━━ Records shown ━━

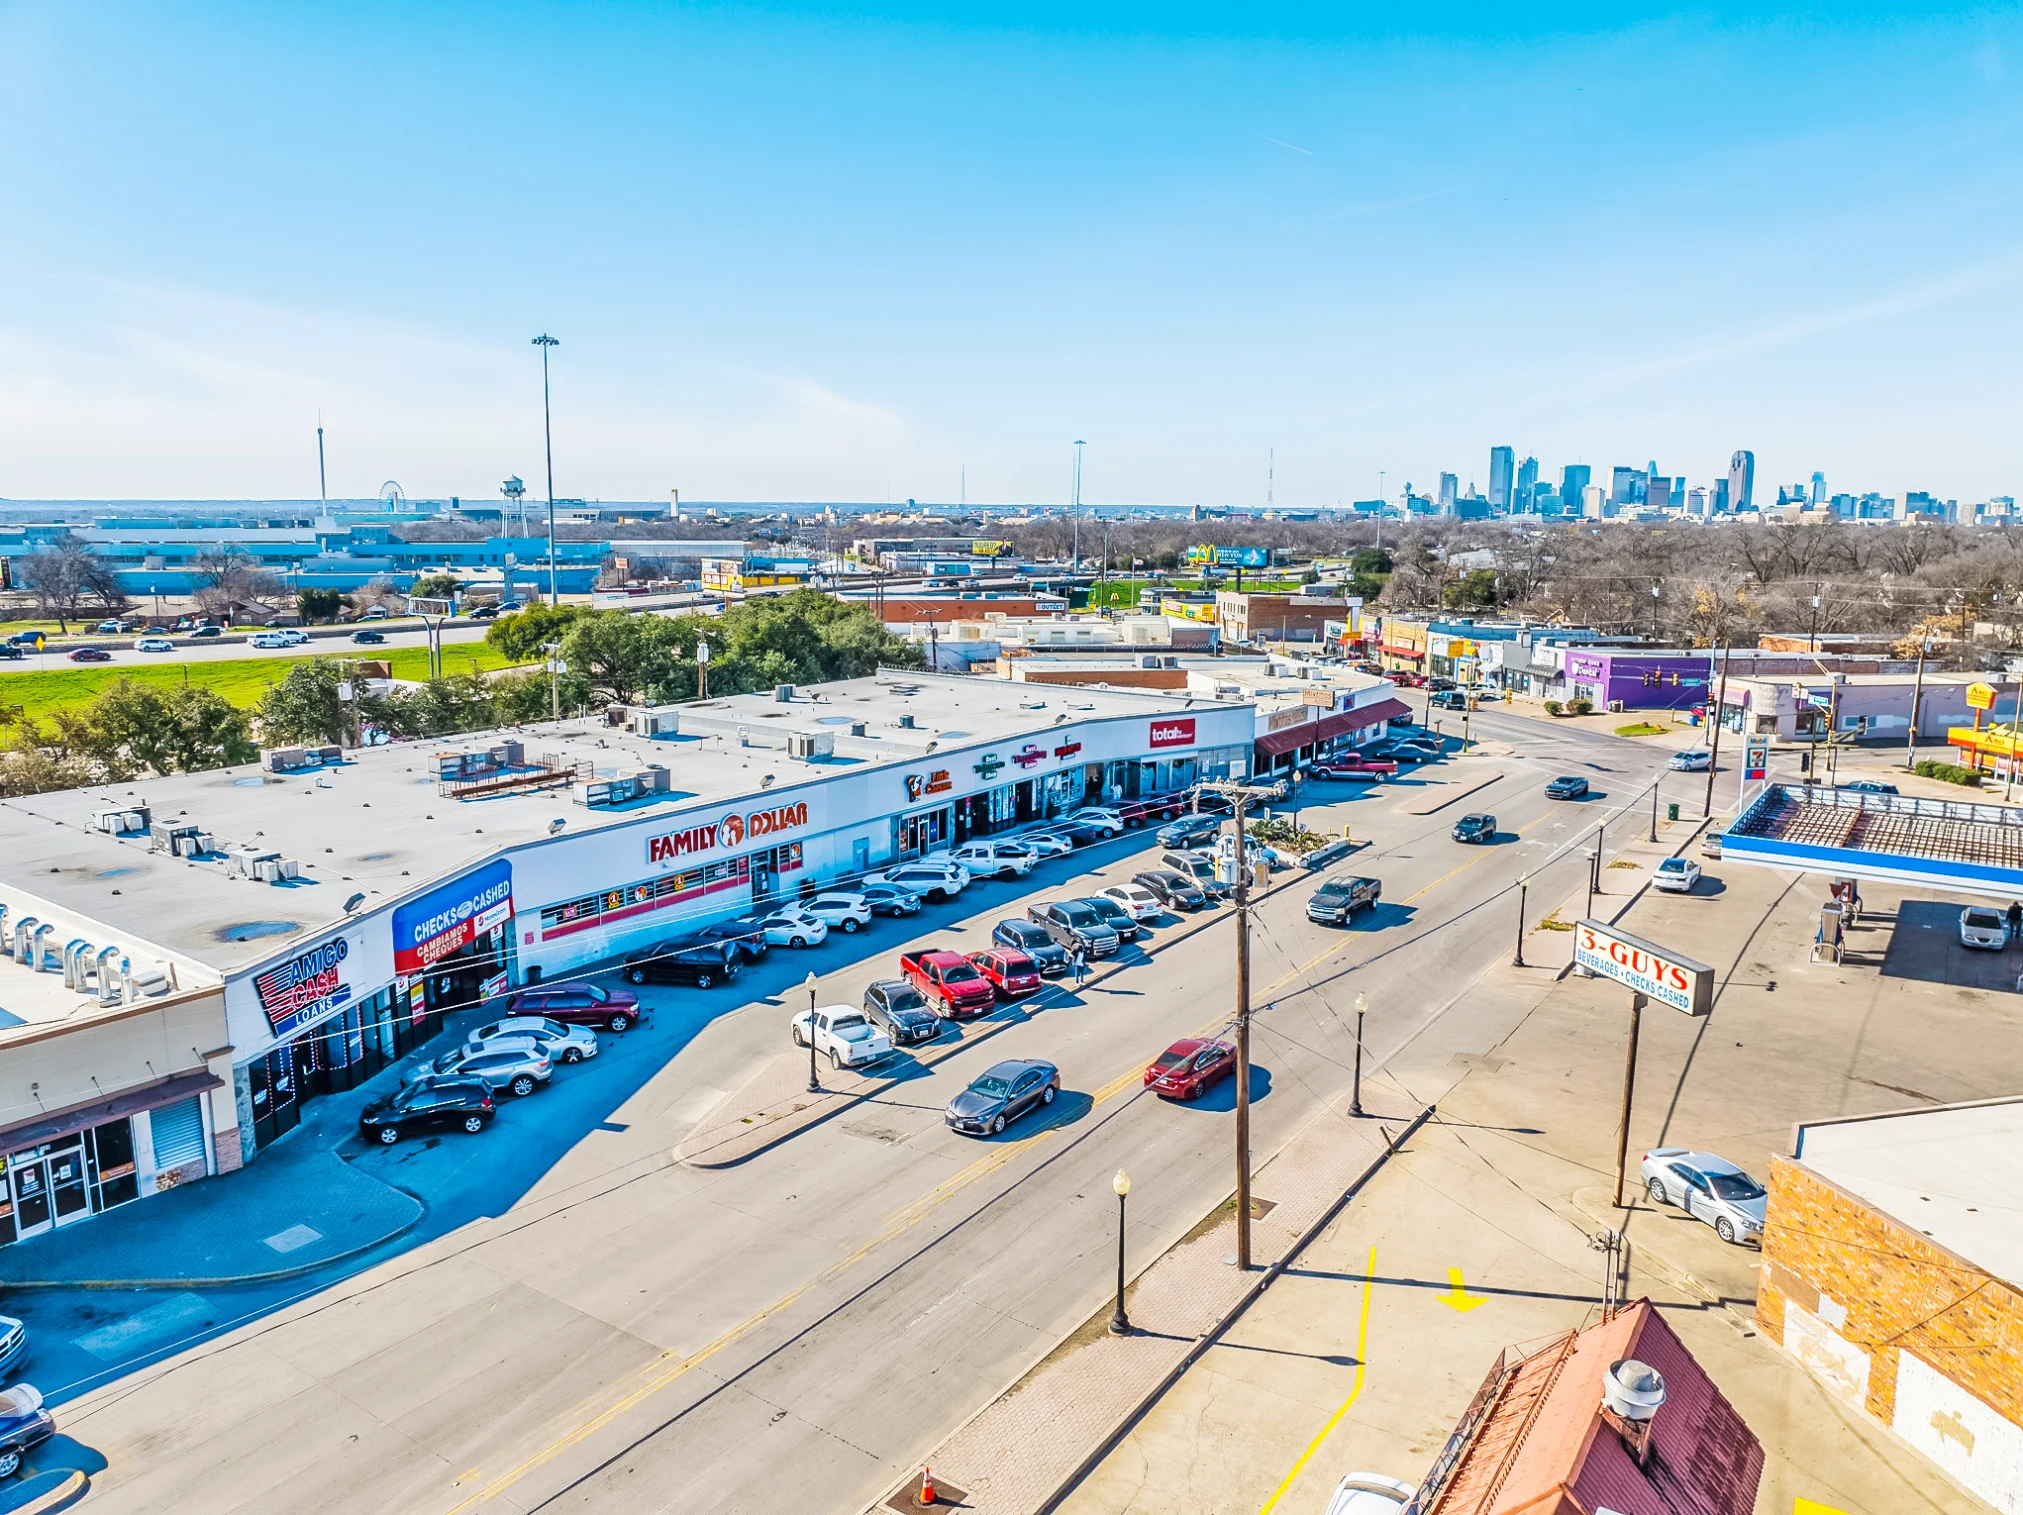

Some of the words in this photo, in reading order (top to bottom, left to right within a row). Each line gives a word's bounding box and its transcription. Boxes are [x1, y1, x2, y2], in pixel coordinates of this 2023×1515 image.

[1304, 690, 1332, 699] Mixtitos
[1152, 726, 1176, 741] total
[984, 771, 997, 780] Shop
[650, 823, 719, 863] FAMILY
[750, 801, 808, 838] DOLLAR
[414, 907, 458, 943] CHECKS
[473, 880, 510, 912] CASHED
[417, 922, 468, 958] CAMBIAMOS
[423, 936, 463, 964] CHEQUES
[1580, 929, 1688, 990] 3-GUYS
[289, 939, 349, 987] AMIGO
[1577, 948, 1619, 977] BEVERAGES
[1625, 970, 1656, 995] CHECKS
[1657, 984, 1690, 1009] CASHED
[291, 966, 339, 1009] CASH
[295, 996, 334, 1026] LOANS
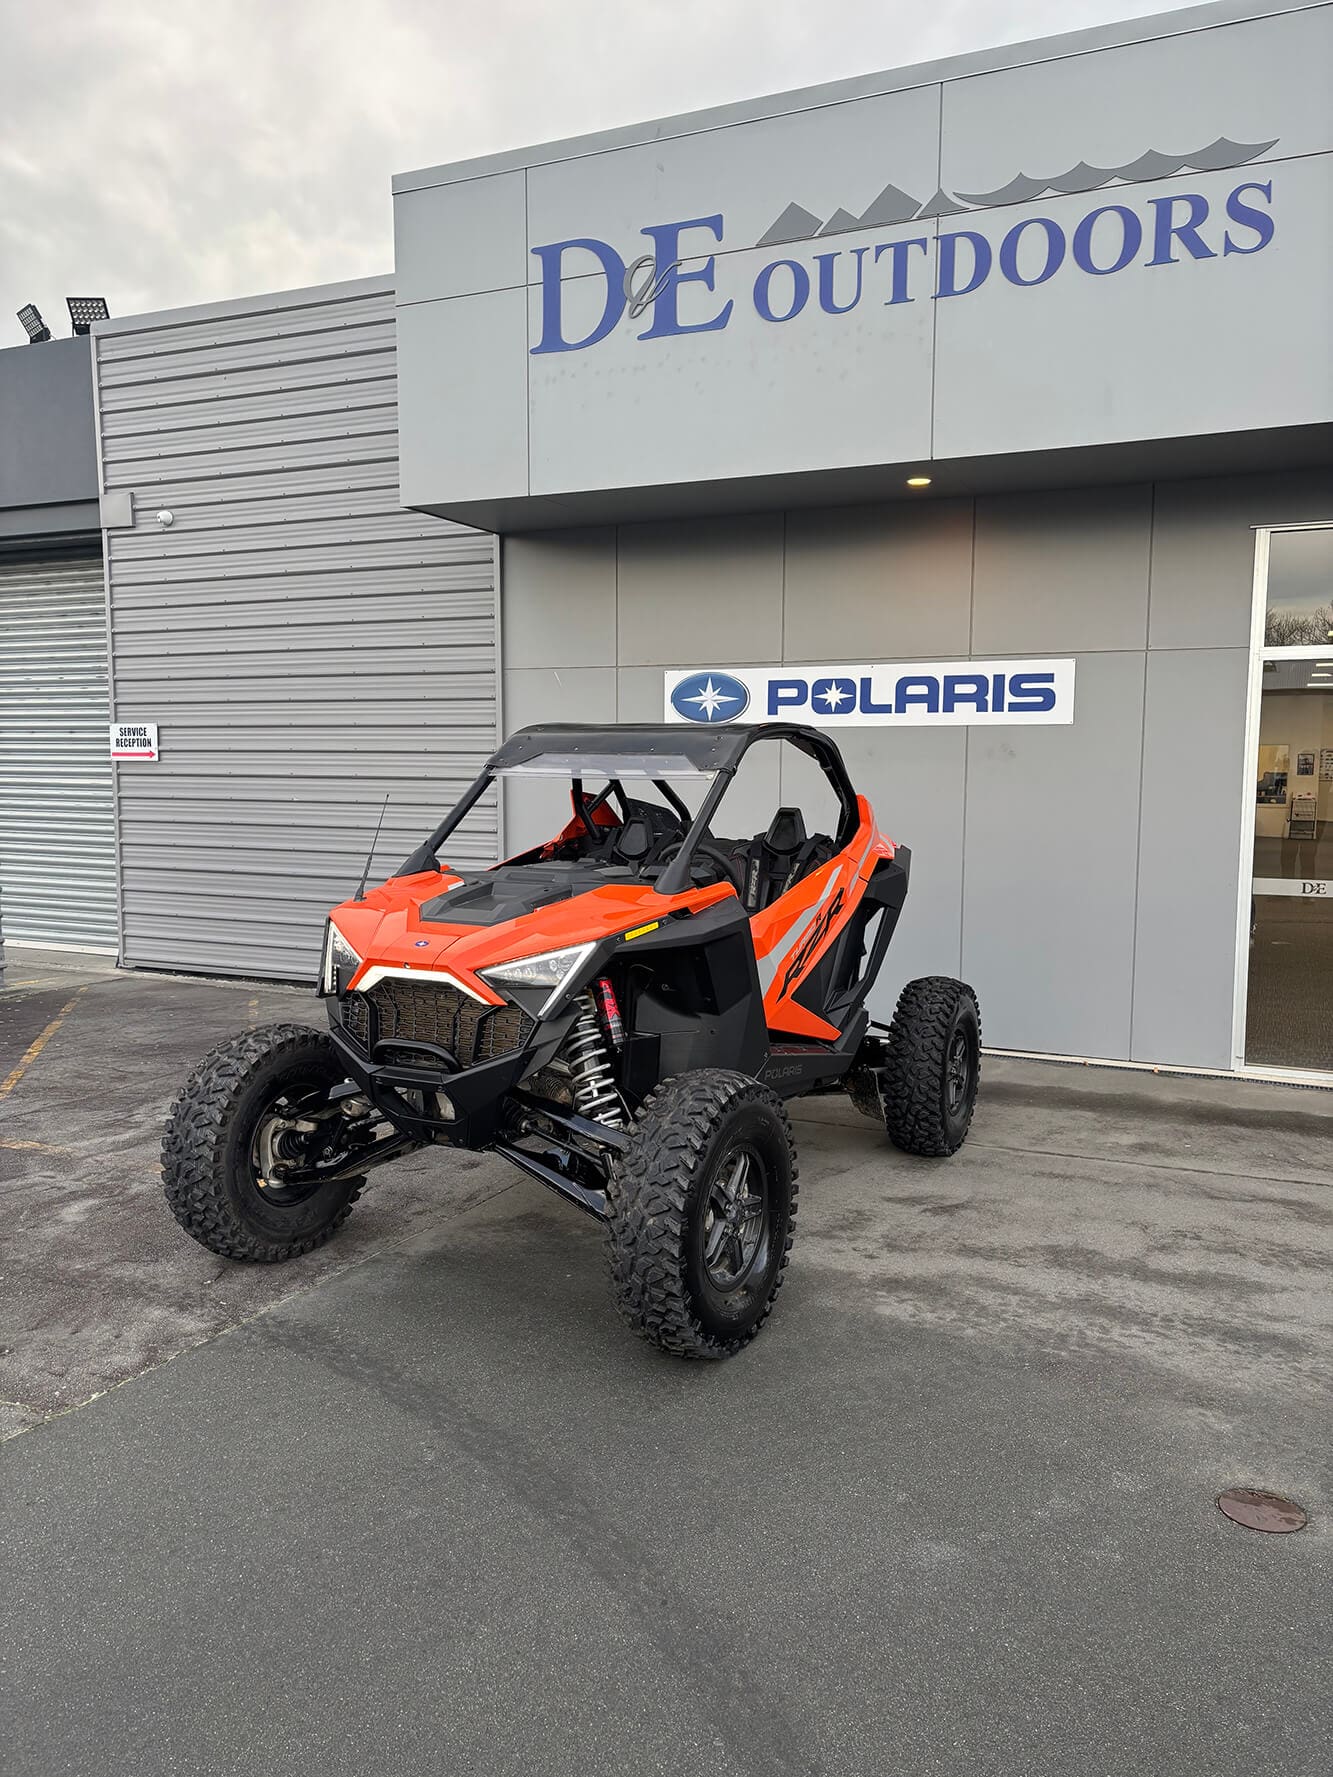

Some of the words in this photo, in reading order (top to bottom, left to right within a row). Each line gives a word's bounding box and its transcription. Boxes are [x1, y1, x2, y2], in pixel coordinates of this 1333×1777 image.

[752, 179, 1276, 324] OUTDOORS
[767, 672, 1056, 716] POLARIS
[115, 738, 152, 748] RECEPTION
[119, 727, 147, 737] SERVICE

━━━

Please reproduce the whole listing exactly; the pictures stay out.

▸ **Output of the task**:
Some of the words in this photo, in reading order (top to bottom, left to right within a row). Each line gives a word's bounding box and its transcription. Boxes are [x1, y1, x2, y2], in pixel coordinates of this 2023×1515 image.

[1304, 690, 1332, 699] Mixtitos
[1152, 726, 1176, 741] total
[984, 771, 997, 780] Shop
[650, 823, 719, 863] FAMILY
[750, 801, 808, 838] DOLLAR
[414, 907, 458, 943] CHECKS
[473, 880, 510, 912] CASHED
[417, 922, 468, 958] CAMBIAMOS
[423, 936, 463, 964] CHEQUES
[1580, 929, 1688, 990] 3-GUYS
[289, 939, 349, 987] AMIGO
[1577, 948, 1619, 977] BEVERAGES
[1625, 970, 1656, 995] CHECKS
[1657, 984, 1690, 1009] CASHED
[291, 966, 339, 1009] CASH
[295, 996, 334, 1026] LOANS

Some of the words in this photo, in reading order (top to bottom, left to right within a row). Each line gives a word's bounding box and its transcription. Boxes are [x1, y1, x2, y2], in pixel coordinates of this 1333×1777 image.

[752, 179, 1276, 324] OUTDOORS
[767, 672, 1056, 716] POLARIS
[115, 738, 152, 748] RECEPTION
[119, 727, 147, 737] SERVICE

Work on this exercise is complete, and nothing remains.